It’s very well known that many counties (like professional rugby clubs) have been suffering, hence why the (very silly IMV) idea of ‘The Hundred’ was born - or could be still-born if some counties refuse the revenue/profit sharing terms.
T20 cricket for many counties has been a great boon but there are only so many ways to milk that cow, as interest in the County Championship has declined relative to the one-day competitions. The Test status of many grounds was put up for review many years ago and some (e.g. Old Trafford) were told they had to invest in the ground to get/maintain Test status (all very chicken and egg, with no promise of anything at the end), not missing the fact that more grounds have sought and acquired Test status (e.g. Hampshire (Ageas) Bowl/Cardiff/Durham being the latest IIRC, which have been added to the Test roster, partly to widen local public interest outside London which continues to enjoy Tests at Lord’s and The Oval come what may, leaving only 3 other berths per 5-match series).
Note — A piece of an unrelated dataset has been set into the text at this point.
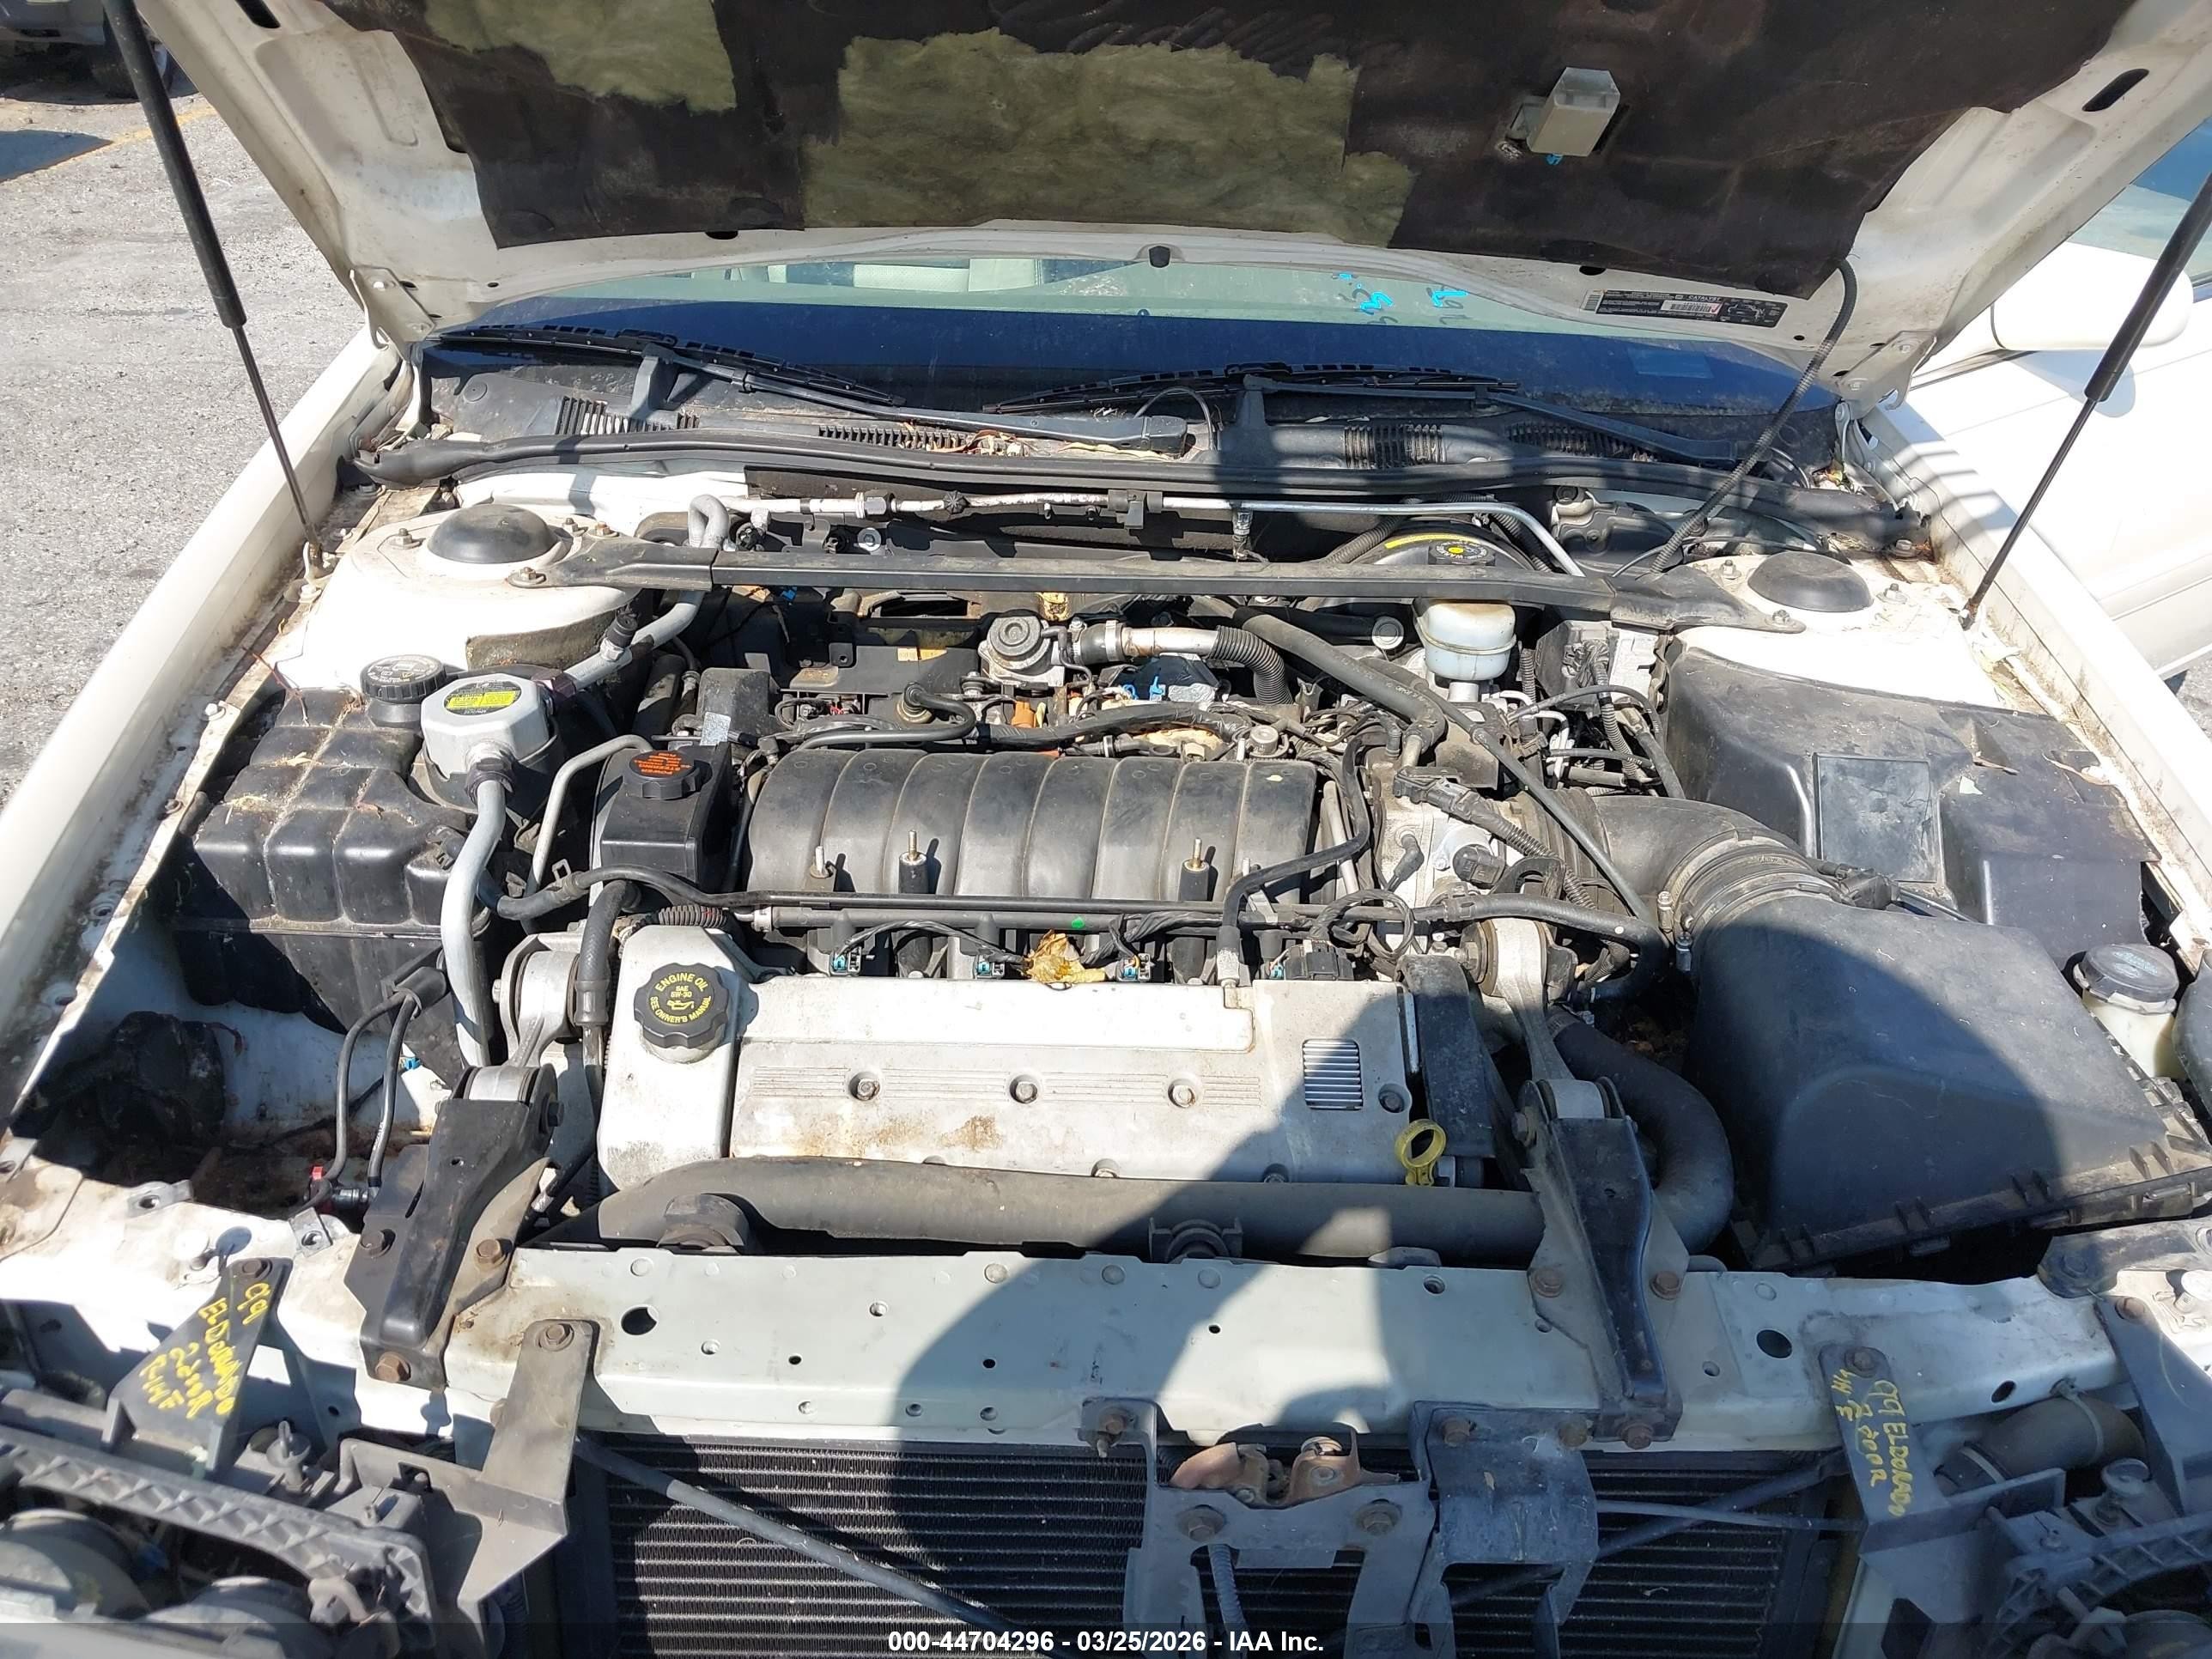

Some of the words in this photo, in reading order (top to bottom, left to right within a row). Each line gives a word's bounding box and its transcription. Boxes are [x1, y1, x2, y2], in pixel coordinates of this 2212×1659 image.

AFAIK, outside of the usual functions and pop concerts which many grounds host, the vast majority of the Welsh/English grounds are single purpose unlike many of the Aussie grounds which share AFL/concerts and other events, with drop-in wickets (as per the new ground in Perth).
Like @Camphuw I’d be interested to understand how many of the counties strive to balance their books and if they truly do (ex benefactors), and what element they receive from any central source(s). Looking around the fringes of the England team and The Lions, I am not seeing the next crop of young players with Test potential (Archer/Currans excluded).